Last post I said that I wasn't a telecommunications engineer.  True enough, but I know a man who is!  My brother-in-law Dan Lipsit provided some insight in the the root cause of my troubles…


He suspects that my Blackberry worked simply because of its lack of maturity…

It “stupidly” (but as instructed) waits the pause delay time and then sends the DTMF. Unfortunately the iPhone, and many more wireless phones, do not start the delay timer until AFTER the connection is made because they’re “smart”. This is actually an improvement because the time from dial to connect can vary greatly. As an example a delay time that is fine for, say, AT&T here in South Florida might be completely useless when roaming because it starts the DTMF string too soon (e.g. the connect takes 7 sec. while roaming instead of the 2 sec. at home).

 

Therefore, since the Sprint network is BROKE [Dan's emphasis] (they don't send the "connect" message) the iPhone is patiently waiting while the "dumb" RIM just sends the DTMF hoping it was timed right (which it was).

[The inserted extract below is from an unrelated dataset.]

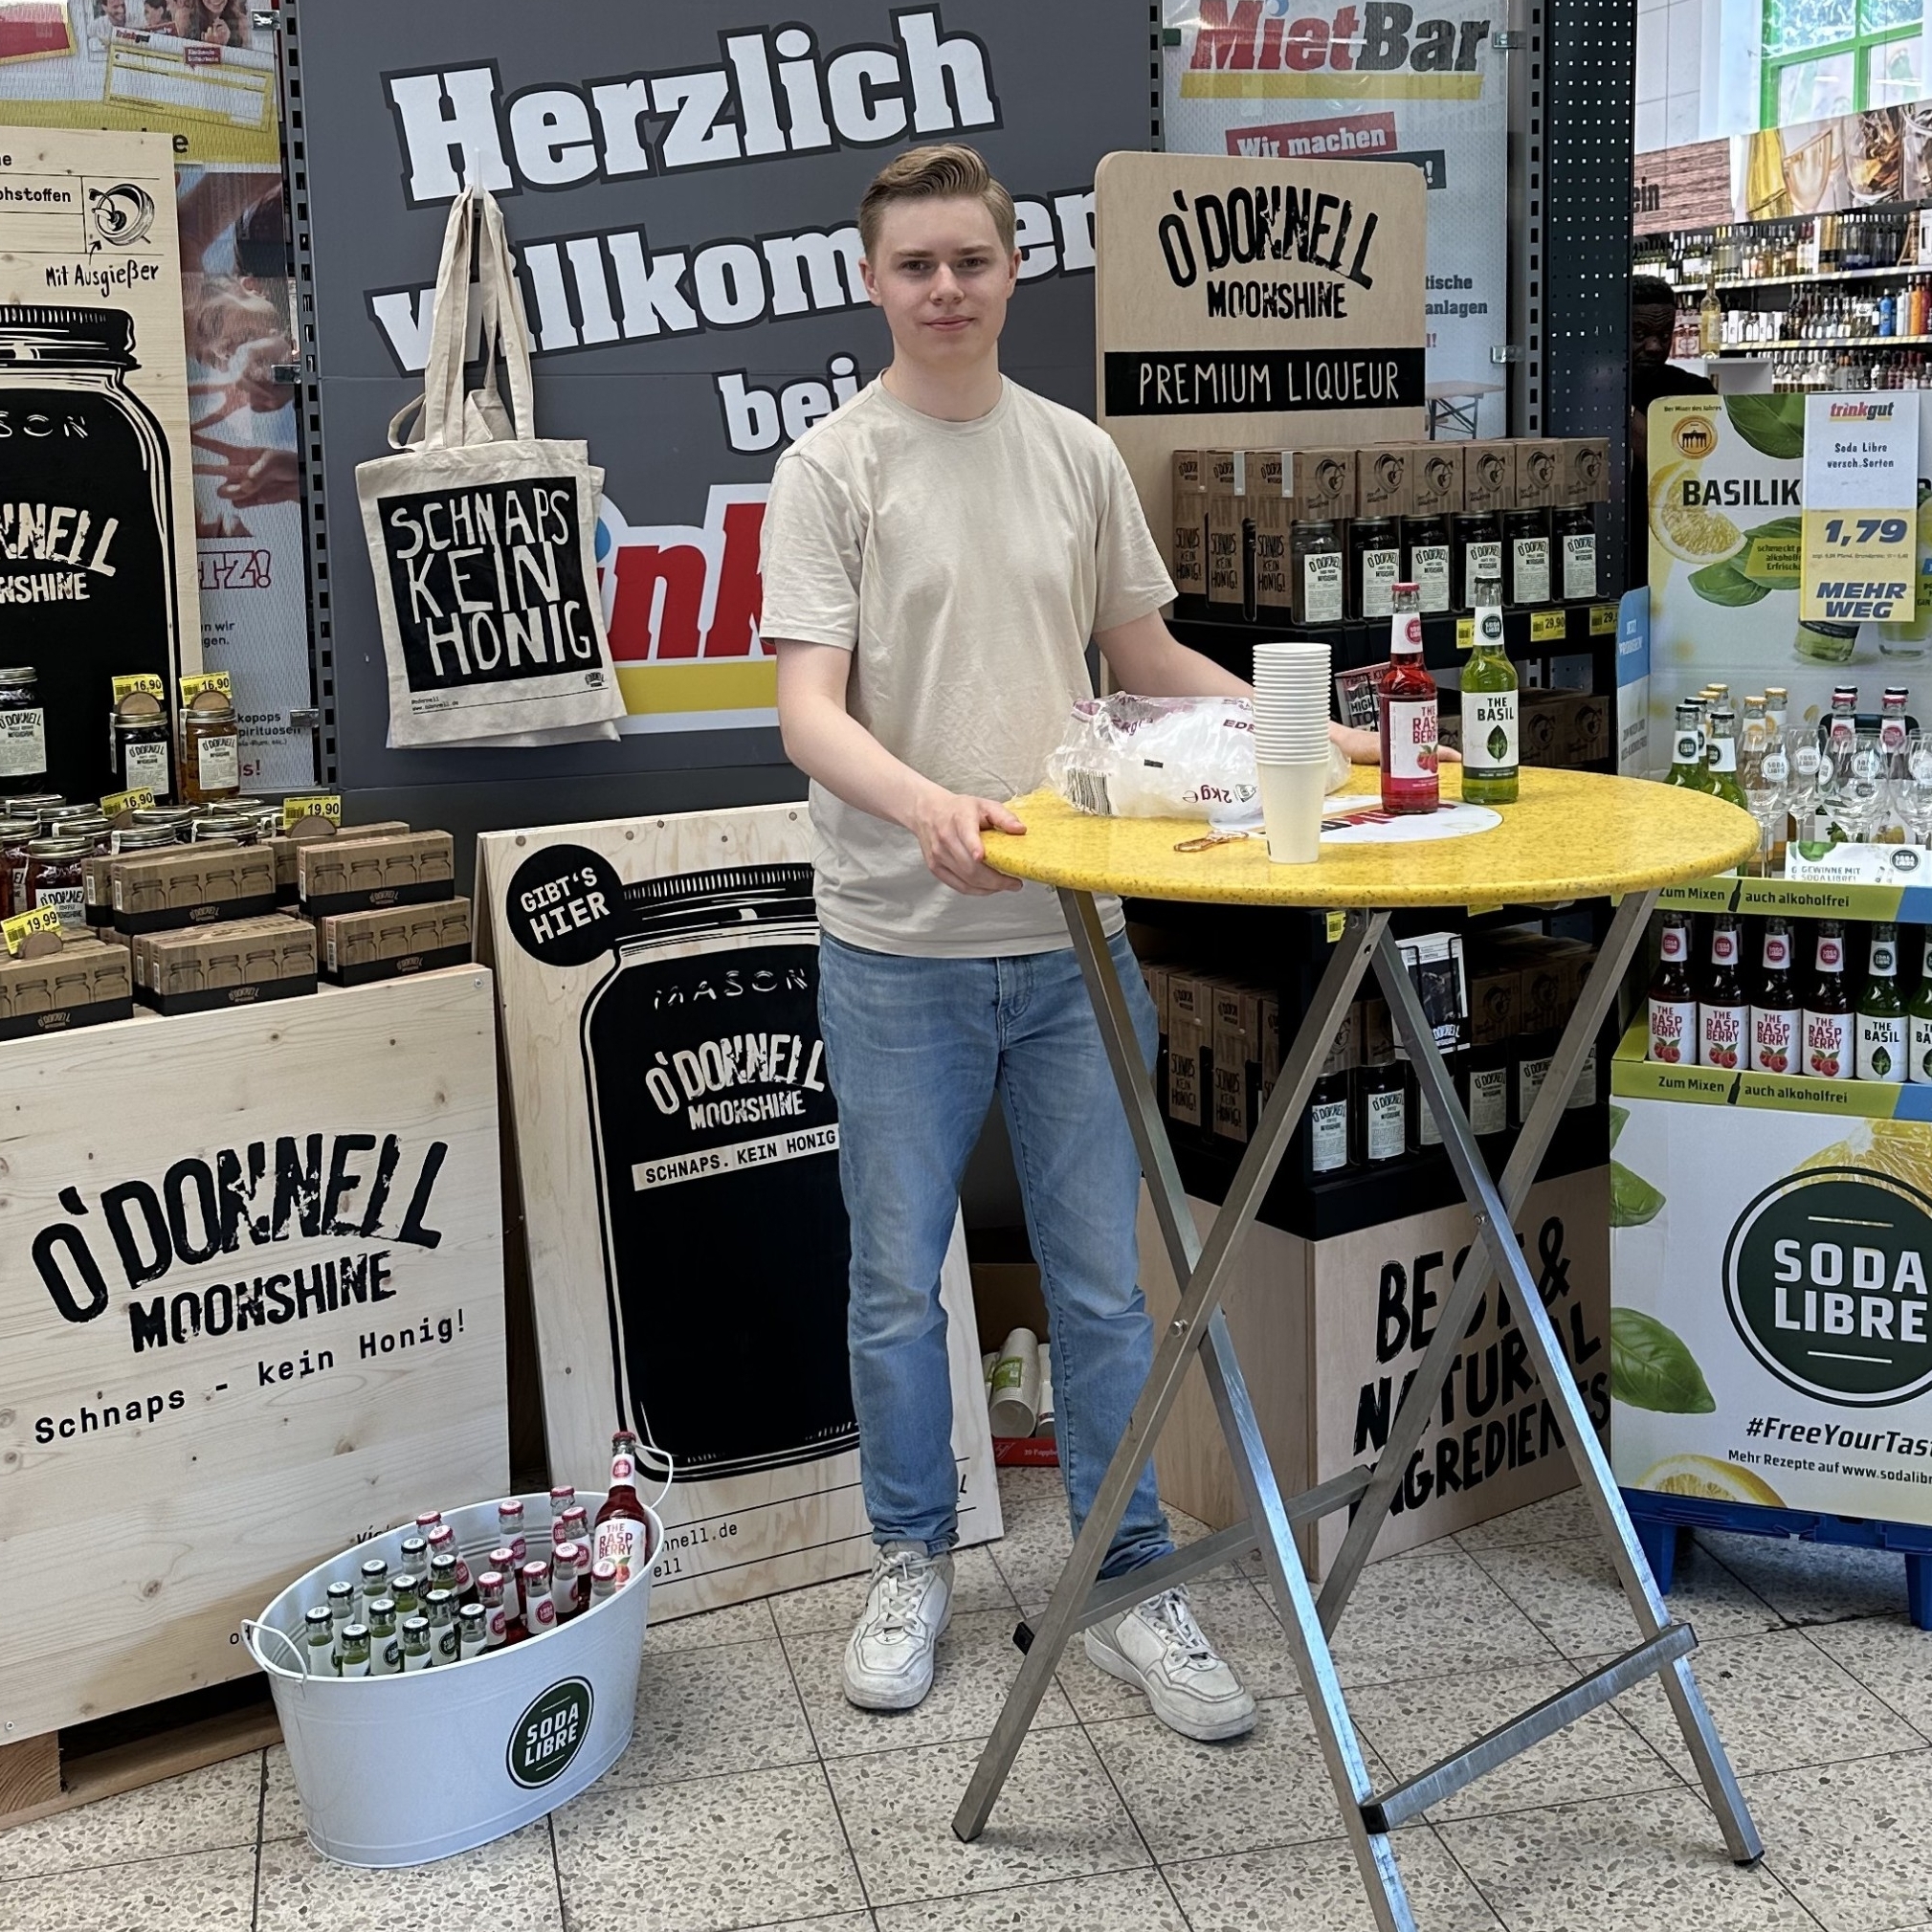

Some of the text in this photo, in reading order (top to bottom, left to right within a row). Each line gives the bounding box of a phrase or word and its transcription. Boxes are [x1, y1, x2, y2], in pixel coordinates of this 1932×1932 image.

On most phones one could program "wait" in the number string ("w" instead of ",") and the handset waited for the user to send the DTMF string by pressing a button on the phone (or, if I remember correctly, could be triggered by a tone from the dialed number – sprint does this on their 800-877-8000 number). Unfortunately there is nowhere in the iPhone UI to do this.

 

SO…the conclusion is

1) the RIM device worked because it was behind the times

2) Sprint is too dumb to send the "connect" message back to wireless phones

3) the iPhone is too smart for it's own good and not good at waiting (like a teenager)

 

There goes Steve Jobs telling all of us what we need and when we need it again

Thanks Dan.  As an engineer myself, sometimes knowing why something doesn't work is almost as good as the thing actually working.  But not quite.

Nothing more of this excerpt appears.